In the statement, the company said, “From time to time, we may offer up to $100,000,000 of any combination of the securities described in this prospectus, either individually or in units.” The company may sell ordinary shares, preference shares, debt securities warrants and units to raise capital.
The latest shelf registration statement comes a little over year after the Gurgaon-based, Nasdaq-listed online travel operator filed an offer for sale of shares with US SEC, in January last year, to raise more than $60 million, a month after it completed its reverse merger, and began trading on the tech-dominated bourse.
At the time, the selling shareholders included multiple investment vehicles controlled by Nathan Leight, the chairman of Terrapin 3 Acquisition Corporation (TRTL), a special purpose acquisition firm formed to effect such reverse mergers, and thereby easing the way for a backdoor public market listing.

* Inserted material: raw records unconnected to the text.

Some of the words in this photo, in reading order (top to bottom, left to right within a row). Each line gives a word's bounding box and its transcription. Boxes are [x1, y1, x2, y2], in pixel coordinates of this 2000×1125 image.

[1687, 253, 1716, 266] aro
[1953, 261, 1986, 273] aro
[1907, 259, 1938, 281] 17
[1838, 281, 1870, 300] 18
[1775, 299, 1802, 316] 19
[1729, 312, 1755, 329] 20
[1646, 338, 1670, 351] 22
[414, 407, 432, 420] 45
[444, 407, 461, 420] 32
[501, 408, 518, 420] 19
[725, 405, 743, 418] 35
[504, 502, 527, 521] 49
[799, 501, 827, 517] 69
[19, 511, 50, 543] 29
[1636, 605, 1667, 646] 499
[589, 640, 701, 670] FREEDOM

In December 2016, ET had reported that Yatra, which trades under the symbol YTRA, had completed its merger, making it the second online travel venture to make its debut on Nasdaq, almost seven years after larger peer MakeMyTrip went public in the US.

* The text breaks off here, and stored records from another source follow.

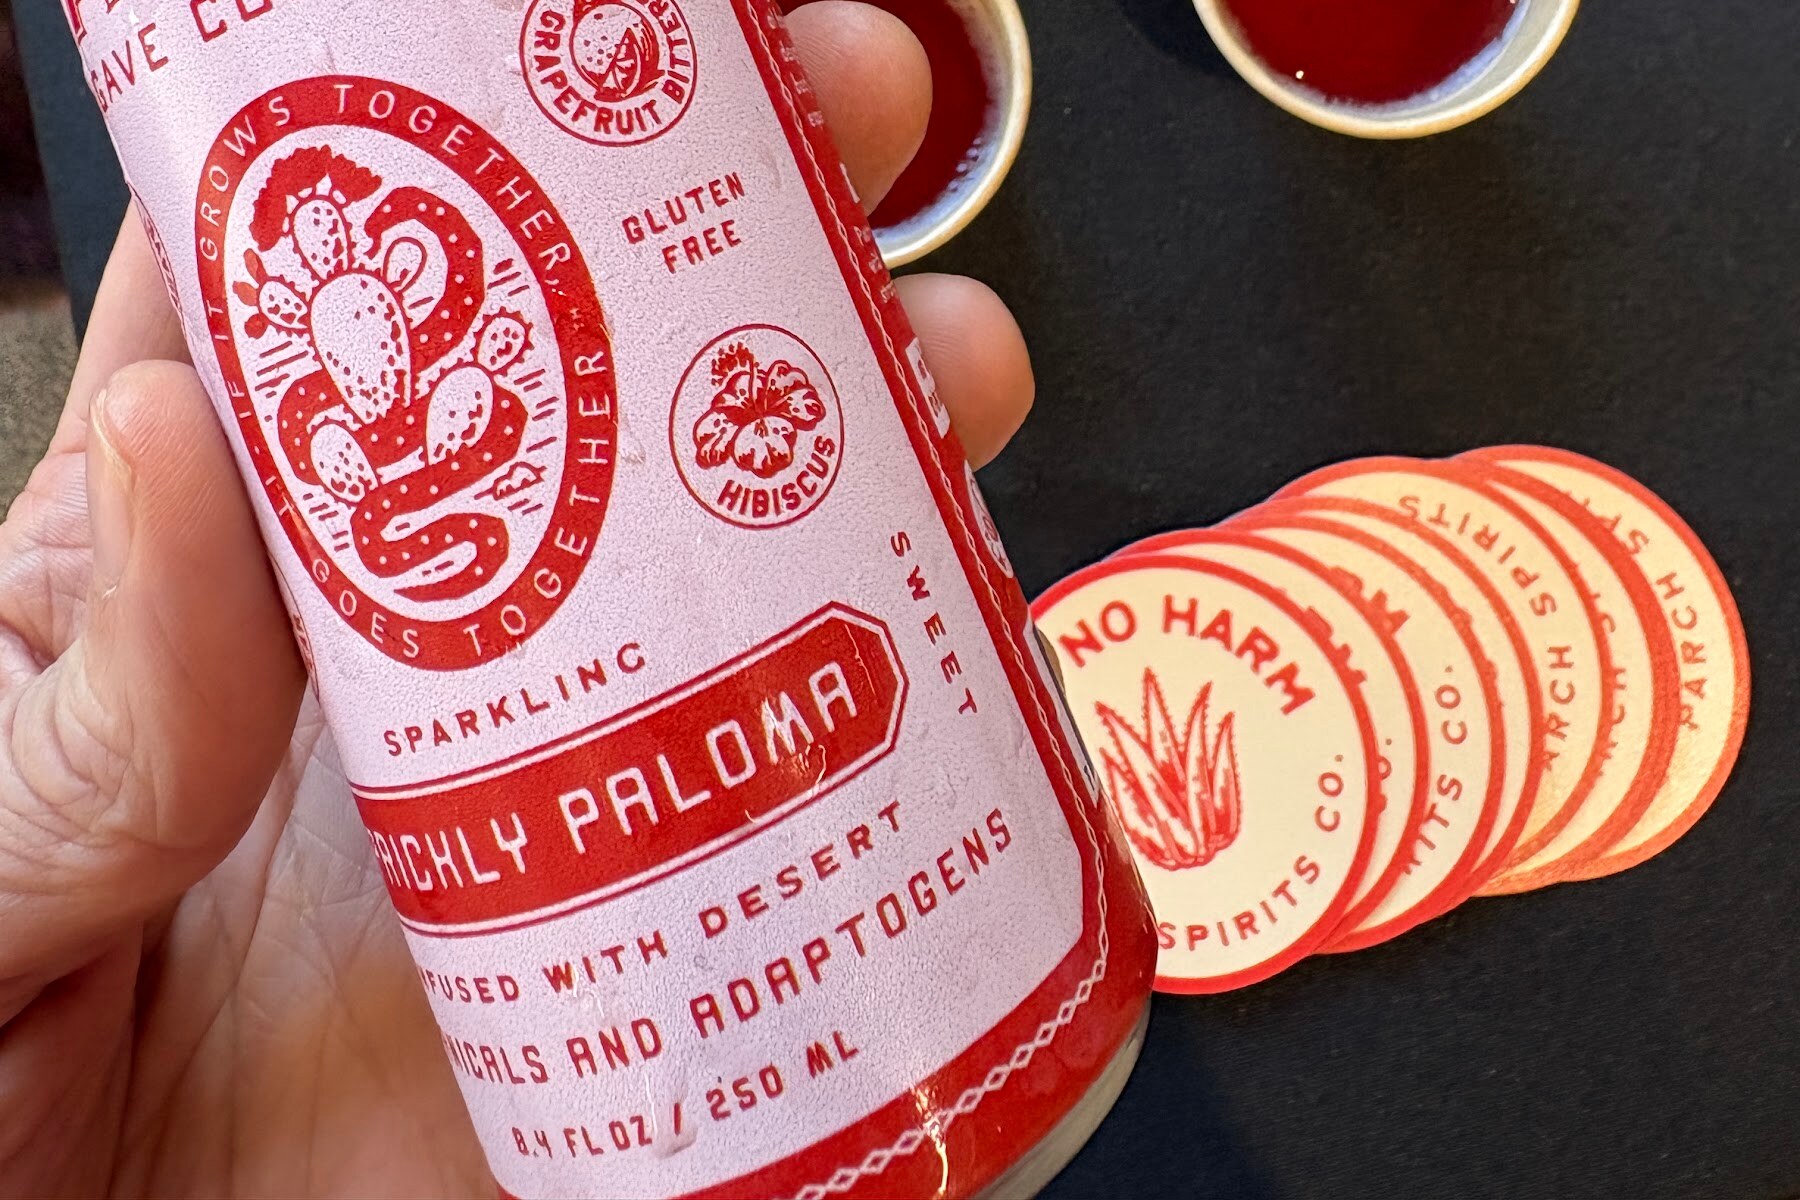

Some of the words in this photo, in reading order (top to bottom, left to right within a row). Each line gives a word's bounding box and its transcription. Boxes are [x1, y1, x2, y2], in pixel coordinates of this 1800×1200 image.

[90, 22, 169, 114] GAVE
[533, 9, 662, 135] GRAPEFRUIT
[200, 95, 291, 262] GROWS
[621, 171, 746, 246] GLUTEN
[661, 218, 743, 274] FREE
[265, 475, 298, 517] IT
[312, 558, 420, 659] GOES
[463, 349, 610, 657] TOGETHER
[717, 434, 836, 518] HIBISCUS
[1398, 495, 1557, 617] SPIRITS
[890, 530, 977, 715] SWEET
[1059, 599, 1137, 668] NO
[1162, 594, 1316, 716] HARM
[382, 641, 646, 757] SPARKLING
[1435, 665, 1468, 746] CO.
[367, 812, 528, 891] RICKLY
[557, 660, 858, 856] PALOMA
[541, 930, 669, 995] WITH
[698, 800, 903, 940] DESERT
[1158, 855, 1320, 951] SPIRITS
[1314, 754, 1344, 832] CO.
[566, 1018, 662, 1078] AND
[688, 807, 1013, 1039] ADAPTOGENS
[511, 1125, 553, 1159] 8.4
[705, 1065, 786, 1121] 250
[805, 1031, 859, 1077] ML

This also comes nine months after Yatra acquired corporate travel services provider Air Travel Bureau (ATB) in an estimated cash-and debt deal estimated at $22.5 million-$27.5 million.
Yatra Online Inc posted a 40% jump in third quarter revenue, but also reported a wider adjusted operating loss for the three-month period ended December 31.
The company reported adjusted operating loss of Rs 57.37 crore for the third quarter of fiscal 2017, up from adjusted operating loss of Rs 26.77 crore in the year ago period.
Profit for the three months ended December 31 came in at Rs 23.23 crore, or Rs 6.38 a share on a diluted basis, compared to loss of Rs 461.39 crore, or Rs 198.23 per share on a diluted basis, in the year ago period.
“We delivered yet another solid quarter of results with revenue less service cost growth at 45.6% year-over-year. Our multi-channel approach and the resultant symbiotic relationship between our corporate and consumer direct businesses continues to deliver well for us,” Yatra Chief Executive Dhruv Shringi said in a statement.
The results for the third quarter also included the results for ATB. As of December 31, Yatra reported cash and cash equivalents and term deposits of Rs 385.52 crore, compared to Rs 456.11 crore a year ago.
The Yatra Online stock was trading almost flat $7.64, in mid-morning trade, Friday on Nasdaq.